Aromaterapia: Aceite de menta, cómo usarlo.


Esta fragancia de por si es un remedio muy efectivo, refrescante, vigorizante, contra la tos, resfriados, problemas digestivos y reconfortante.

¿Cómo usarla?

En baños de pies: Constituyen una buena forma de beneficiarse de las propiedades de los aceites esenciales. A través de la piel se absorben y acceden al torrente sanguíneo las moléculas terapéuticas de la planta que utilizamos.

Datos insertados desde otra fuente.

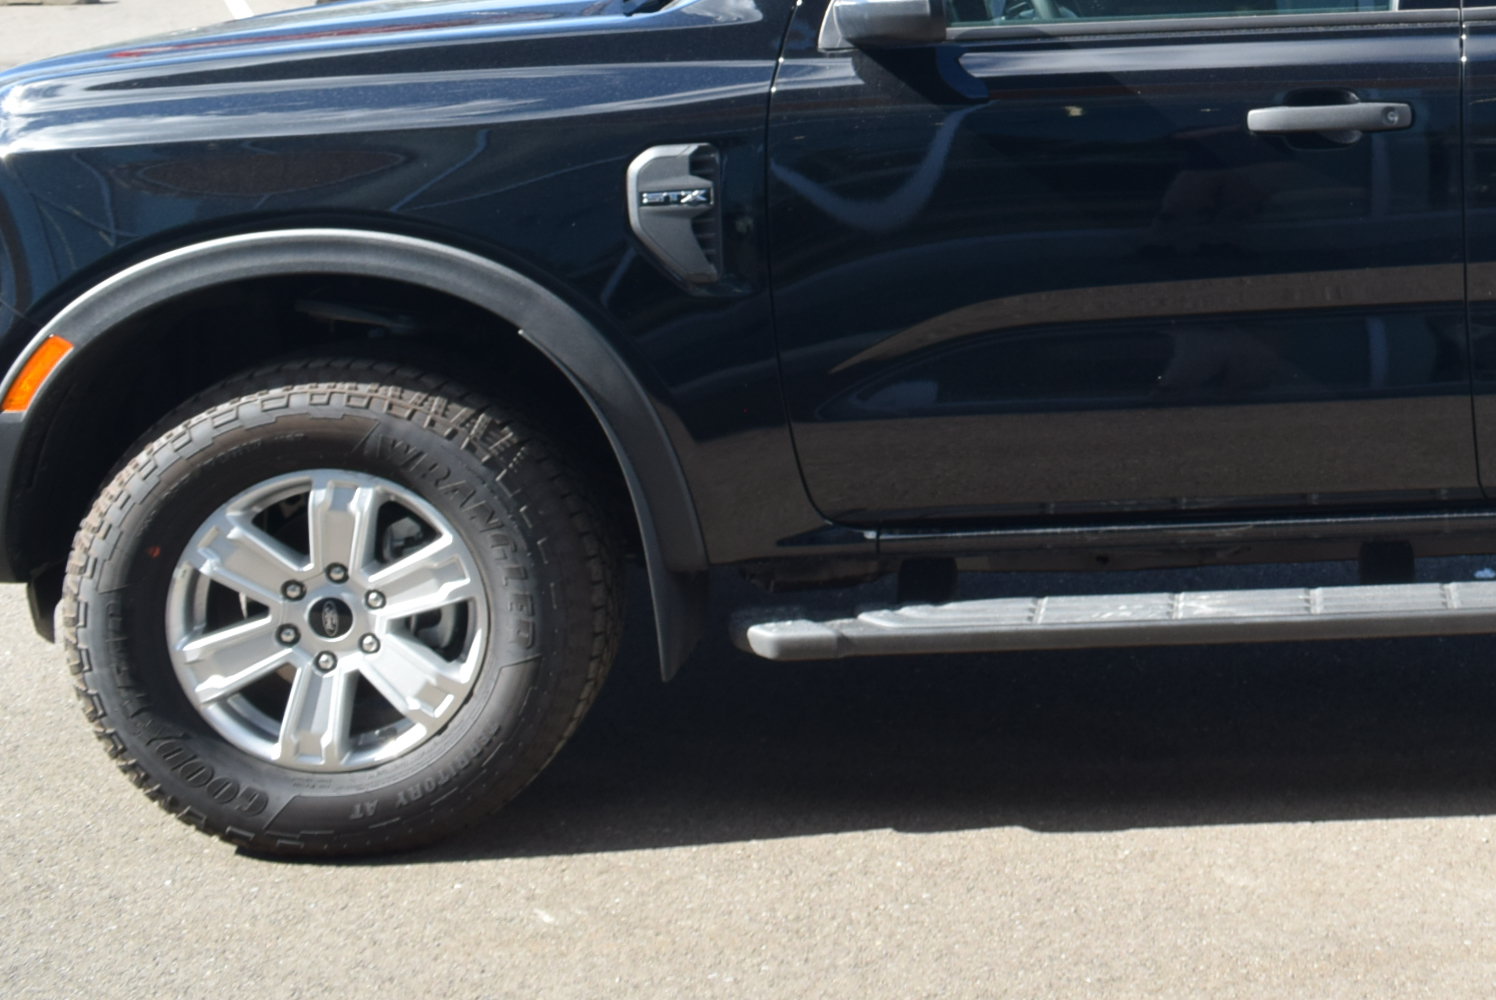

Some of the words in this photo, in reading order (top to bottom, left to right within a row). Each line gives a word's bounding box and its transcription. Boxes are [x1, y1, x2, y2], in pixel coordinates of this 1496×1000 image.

[642, 189, 708, 204] STX
[377, 435, 537, 650] WRANGLER
[103, 602, 270, 818] GOODYEAR

Debemos tener en cuenta que estamos realizando una doble terapia, ya que la dispersión en el aire del aroma del aceite en el agua del baño de pies, es eficaz y se aprovecha invadiendo como un abrazo todo nuestro entorno, aprovechando dos virtudes de la aromaterapia.

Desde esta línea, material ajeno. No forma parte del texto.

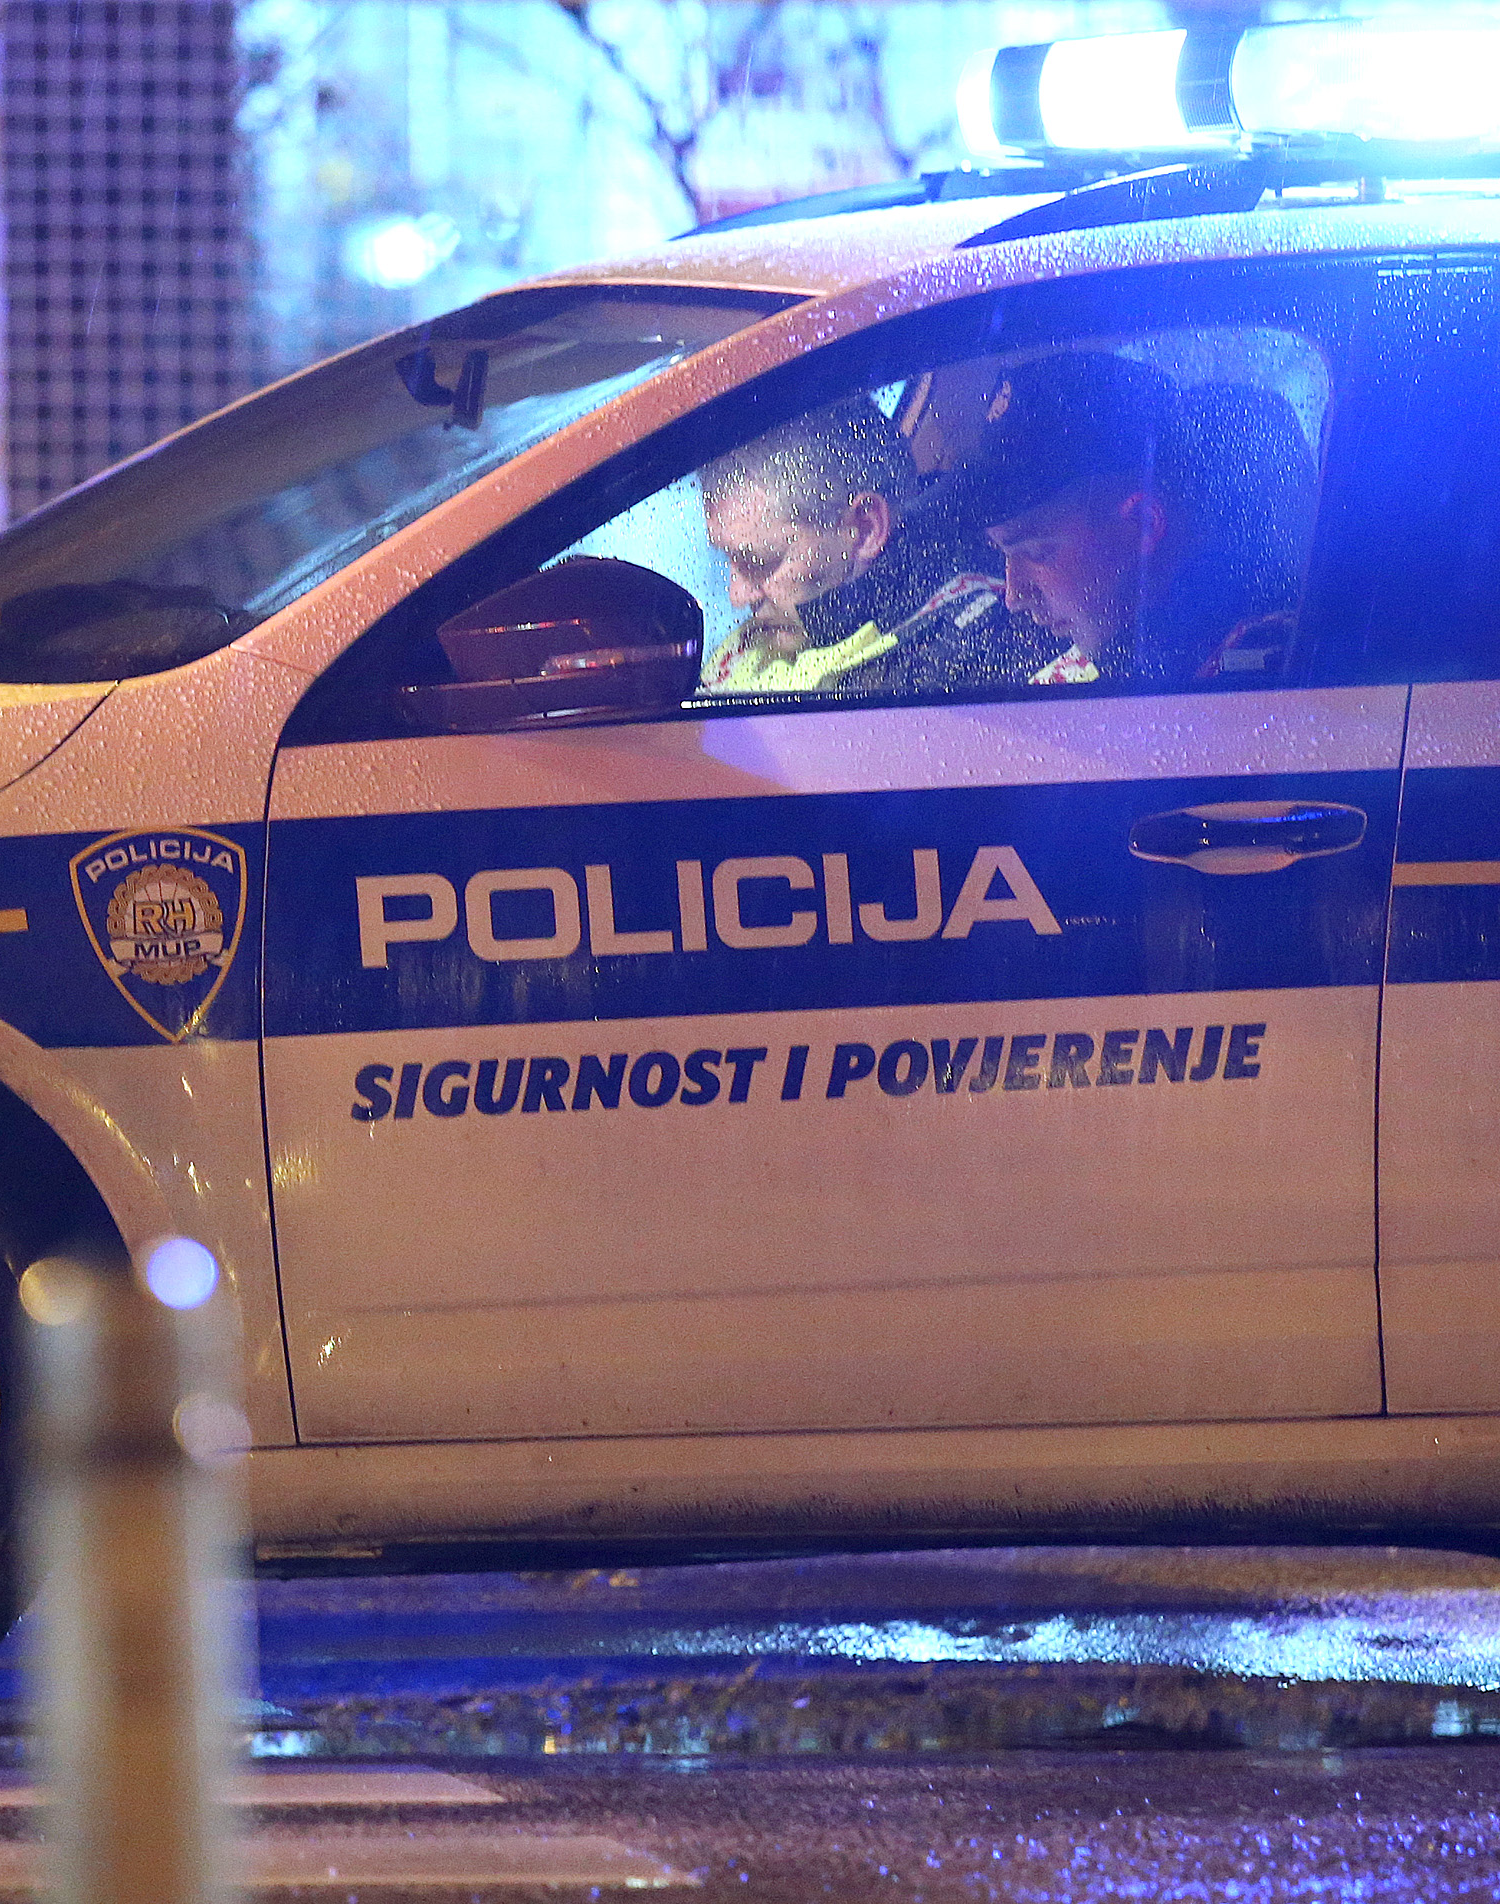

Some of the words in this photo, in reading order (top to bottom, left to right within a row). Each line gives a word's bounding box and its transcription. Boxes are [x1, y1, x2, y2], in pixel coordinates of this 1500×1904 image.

[85, 839, 234, 883] POLICIJA
[133, 898, 195, 935] RH
[355, 845, 1062, 968] POLICIJA
[134, 940, 200, 959] MUP
[351, 1047, 768, 1121] SIGURNOST
[781, 1045, 810, 1100] I
[826, 1022, 1267, 1099] POVJERENJE

El aceite de menta es muy potente por tanto en un recipiente (tipo palangana) de agua caliente echar 2 gotas de aceite de menta y remover el agua para que se disperse bien antes de meter los pies y dejarlos unos 10 minutos en remojo al mismo tiempo que su aroma se evapora y va entrando en nuestro olfato. Siendo transportado a las delicadas membranas del conducto nasal. Por lo que su acción es simultáneamente interna y externa.